The problem ▸ Write back every line of the listing exactly, excluding images.

Records supplied ▸
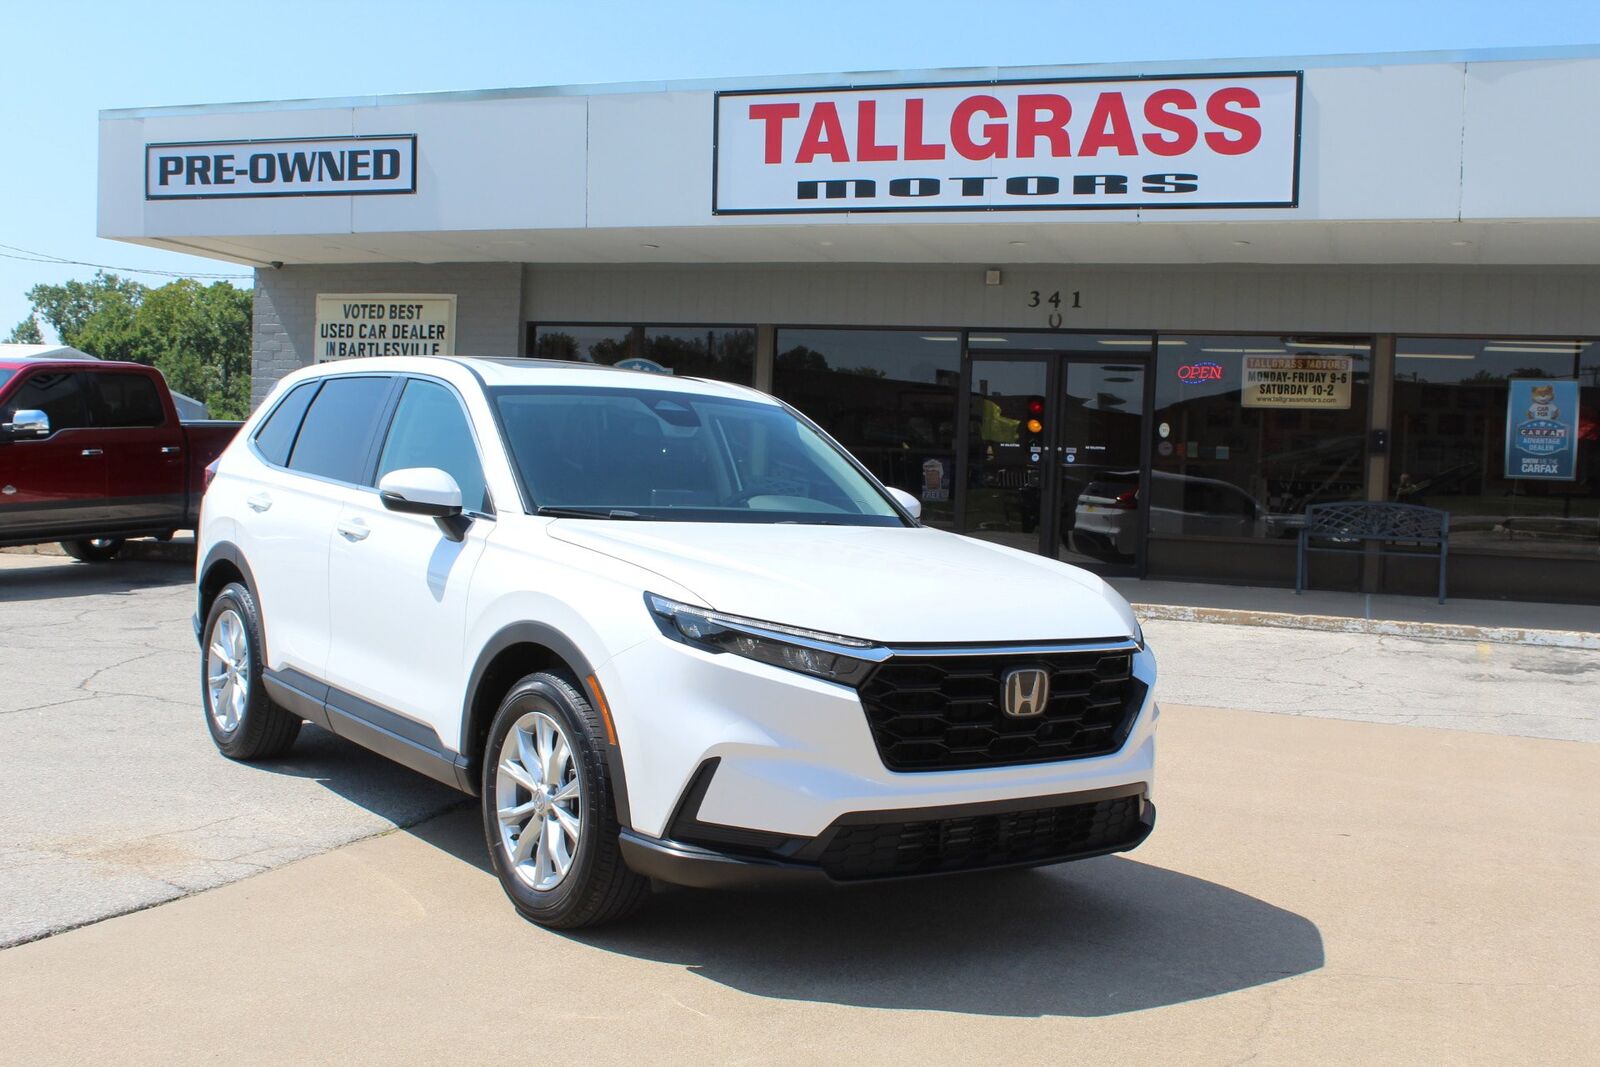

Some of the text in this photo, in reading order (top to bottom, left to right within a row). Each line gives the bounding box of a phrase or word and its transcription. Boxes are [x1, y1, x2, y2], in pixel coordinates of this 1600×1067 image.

[749, 87, 1262, 164] TALLGRASS
[158, 148, 400, 186] PRE-OWNED
[797, 173, 1199, 200] MOTORS
[343, 303, 423, 320] VOTED BEST
[321, 323, 446, 340] USED CAR DEALER
[338, 342, 440, 357] BARTLESVILLE
[1177, 365, 1223, 379] OPEN
[1249, 358, 1351, 371] TALLGRASS MOTORS
[1247, 371, 1348, 384] MONDAY-FRIDAY 9-6
[1259, 384, 1335, 396] SATURDAY 10-2
[1521, 464, 1559, 474] CARFAX
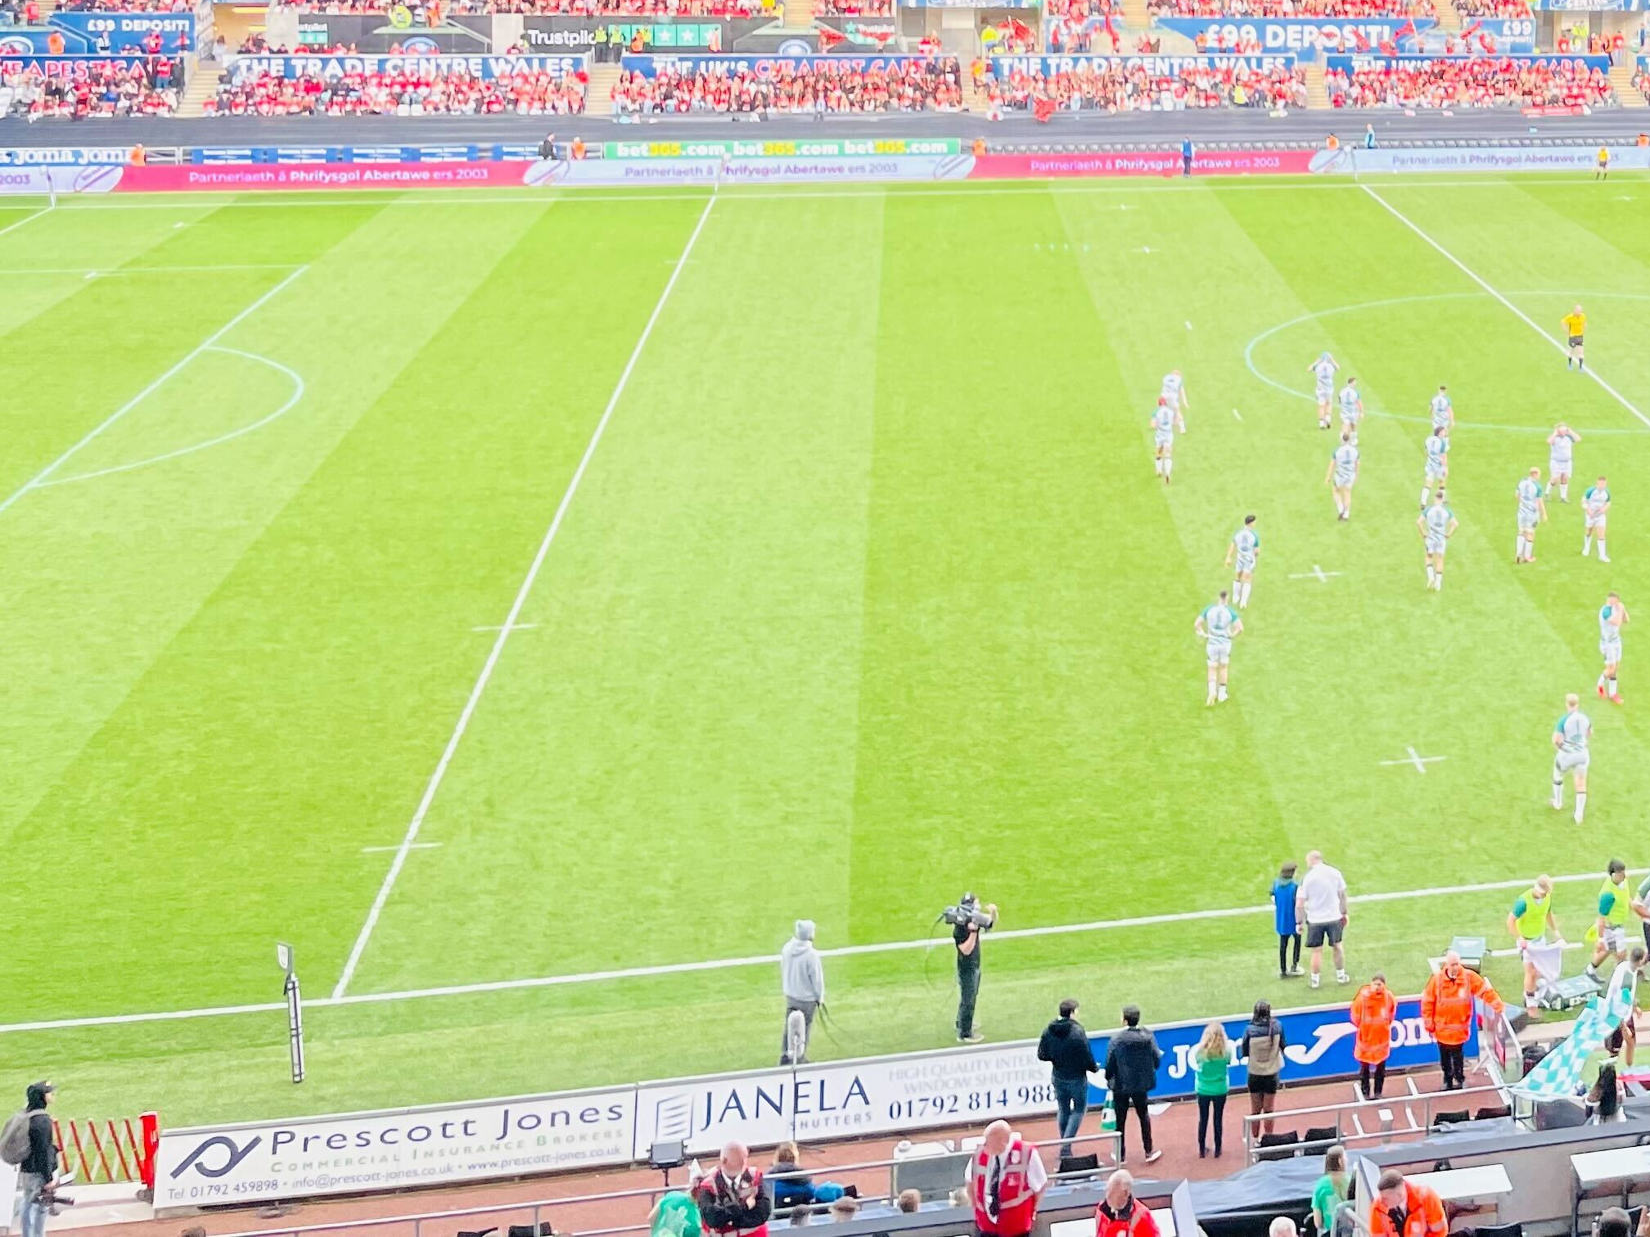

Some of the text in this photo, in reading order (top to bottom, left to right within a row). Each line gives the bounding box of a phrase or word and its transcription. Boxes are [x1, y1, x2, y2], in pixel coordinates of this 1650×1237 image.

[1206, 23, 1390, 49] £99 DEPOSIT!
[1502, 20, 1532, 36] £99
[238, 57, 574, 78] THE TRADE CENTRE WALES
[999, 58, 1041, 75] THE
[617, 139, 948, 157] bet365.com bet365.com bet365.com
[1176, 158, 1232, 169] Aertawe
[189, 171, 273, 183] Partneriaeth
[290, 169, 360, 184] Phrifysgol
[363, 169, 430, 181] Abertawe
[456, 168, 488, 180] 2003
[930, 1057, 990, 1079] QUALITY
[903, 1066, 1045, 1094] WINDOW SHUTTERS
[700, 1075, 870, 1131] JANELA
[889, 1083, 1058, 1120] 01792 814 988
[271, 1104, 624, 1155] Prescott Jones
[190, 1183, 229, 1198] 01792
[233, 1179, 279, 1193] 459898
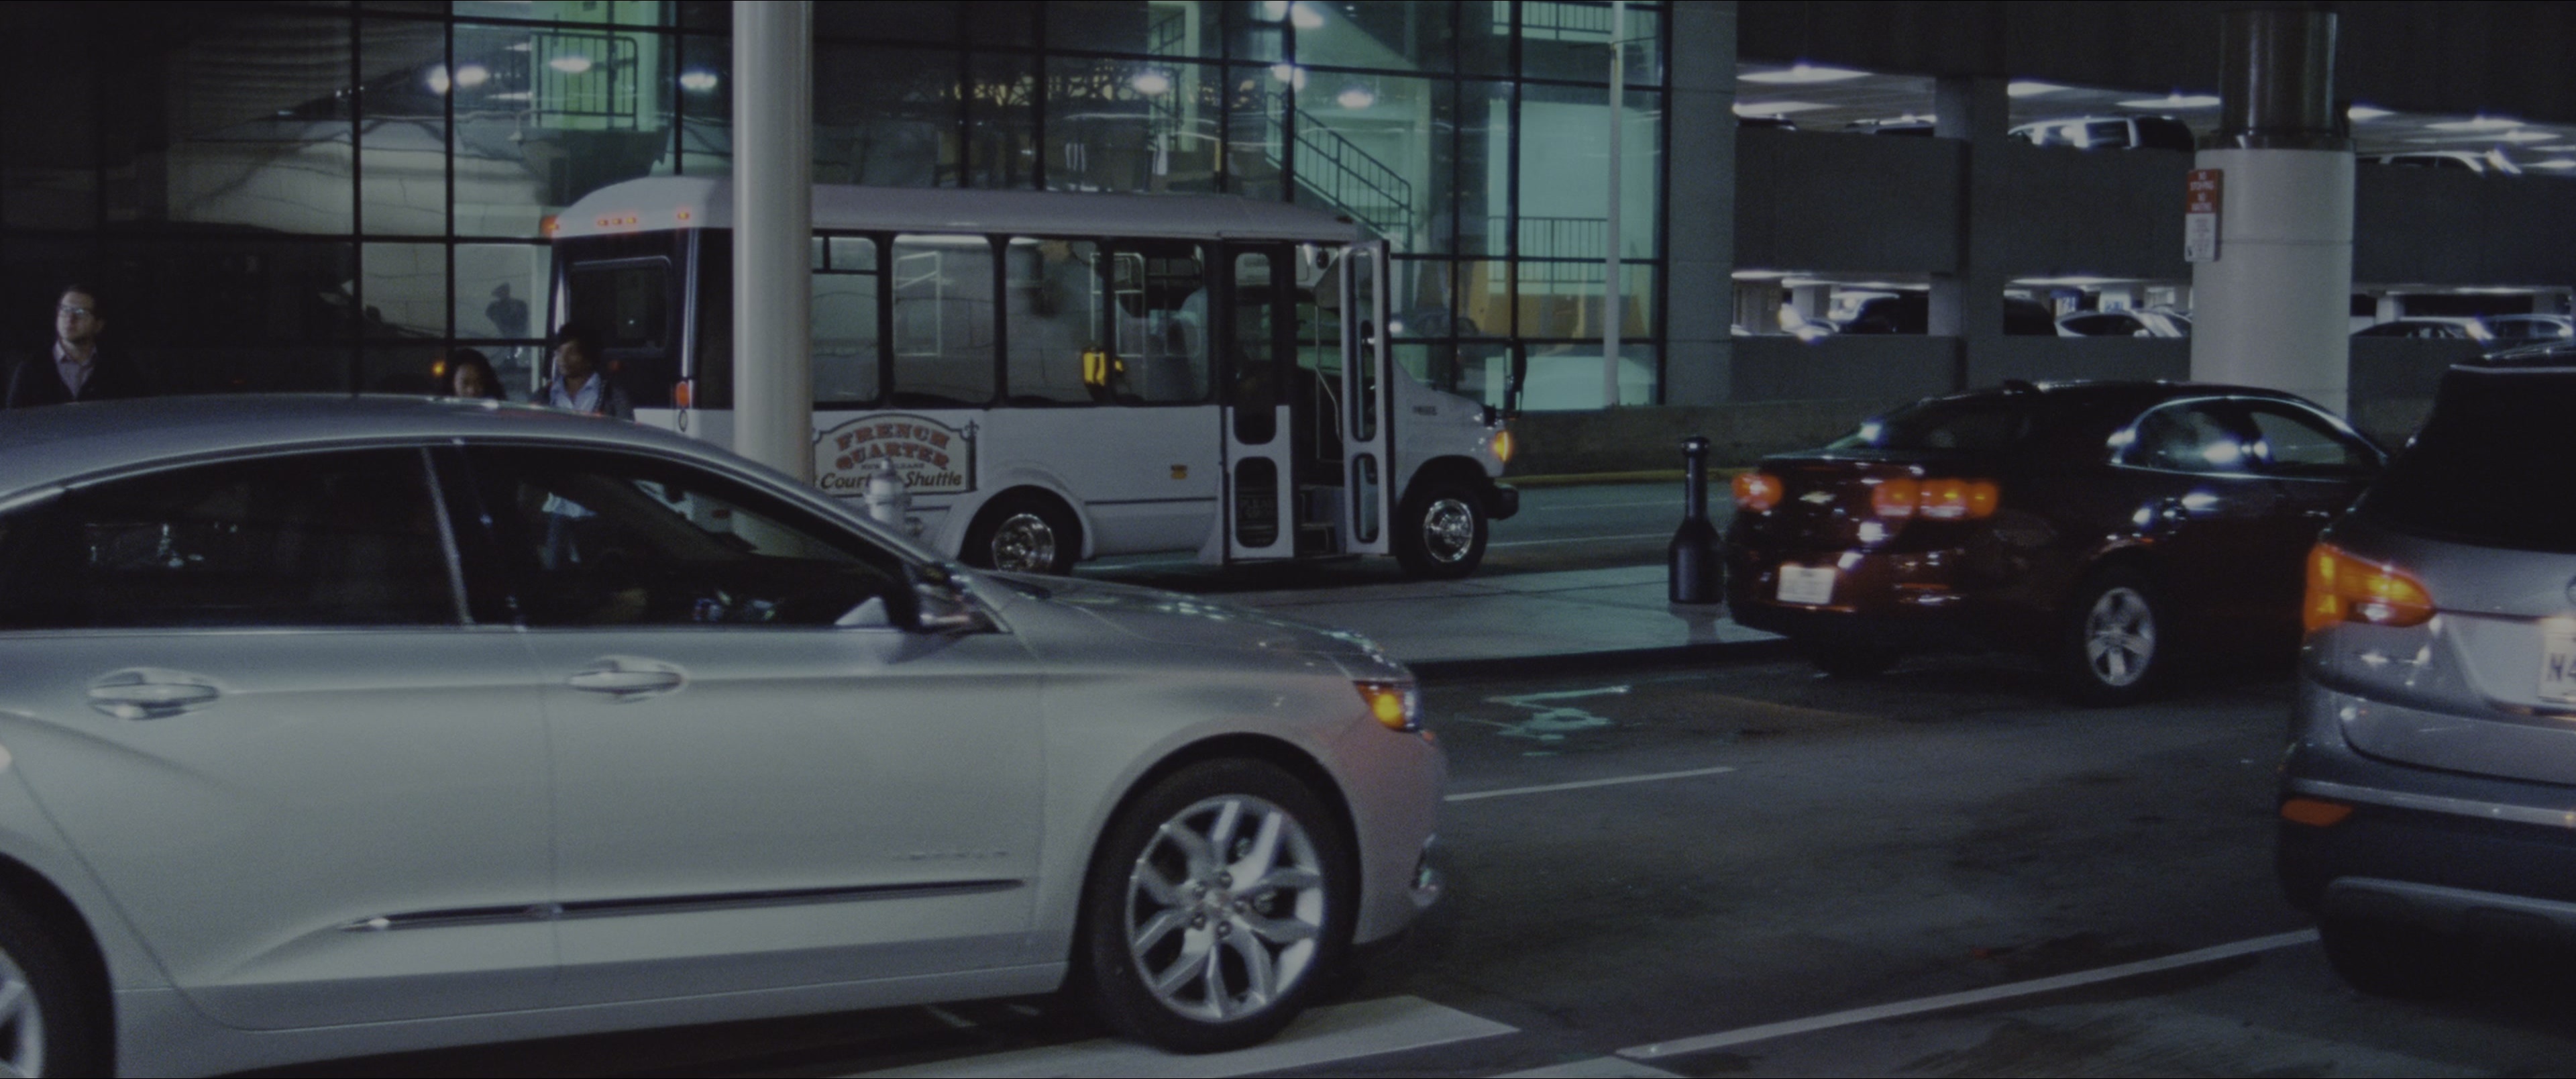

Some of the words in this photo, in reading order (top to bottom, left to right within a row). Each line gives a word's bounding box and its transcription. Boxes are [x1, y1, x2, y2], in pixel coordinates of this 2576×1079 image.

Result for this task ▸
Some of the text in this photo, in reading order (top to bottom, left to right within a row). Each line gives the bounding box of a phrase or word and its transcription. Boxes are [x1, y1, x2, y2], in pixel coordinates of this 1600×1067 image.

[749, 87, 1262, 164] TALLGRASS
[158, 148, 400, 186] PRE-OWNED
[797, 173, 1199, 200] MOTORS
[343, 303, 423, 320] VOTED BEST
[321, 323, 446, 340] USED CAR DEALER
[338, 342, 440, 357] BARTLESVILLE
[1177, 365, 1223, 379] OPEN
[1249, 358, 1351, 371] TALLGRASS MOTORS
[1247, 371, 1348, 384] MONDAY-FRIDAY 9-6
[1259, 384, 1335, 396] SATURDAY 10-2
[1521, 464, 1559, 474] CARFAX

Some of the text in this photo, in reading order (top to bottom, left to right within a row). Each line gives the bounding box of a phrase or word and its transcription. Boxes are [x1, y1, x2, y2], in pixel coordinates of this 1650×1237 image.

[1206, 23, 1390, 49] £99 DEPOSIT!
[1502, 20, 1532, 36] £99
[238, 57, 574, 78] THE TRADE CENTRE WALES
[999, 58, 1041, 75] THE
[617, 139, 948, 157] bet365.com bet365.com bet365.com
[1176, 158, 1232, 169] Aertawe
[189, 171, 273, 183] Partneriaeth
[290, 169, 360, 184] Phrifysgol
[363, 169, 430, 181] Abertawe
[456, 168, 488, 180] 2003
[930, 1057, 990, 1079] QUALITY
[903, 1066, 1045, 1094] WINDOW SHUTTERS
[700, 1075, 870, 1131] JANELA
[889, 1083, 1058, 1120] 01792 814 988
[271, 1104, 624, 1155] Prescott Jones
[190, 1183, 229, 1198] 01792
[233, 1179, 279, 1193] 459898

Some of the words in this photo, in reading order (top to bottom, left to right within a row). Each line gives a word's bounding box and its transcription. Boxes are [x1, y1, x2, y2], in pixel coordinates of this 2576×1079 image.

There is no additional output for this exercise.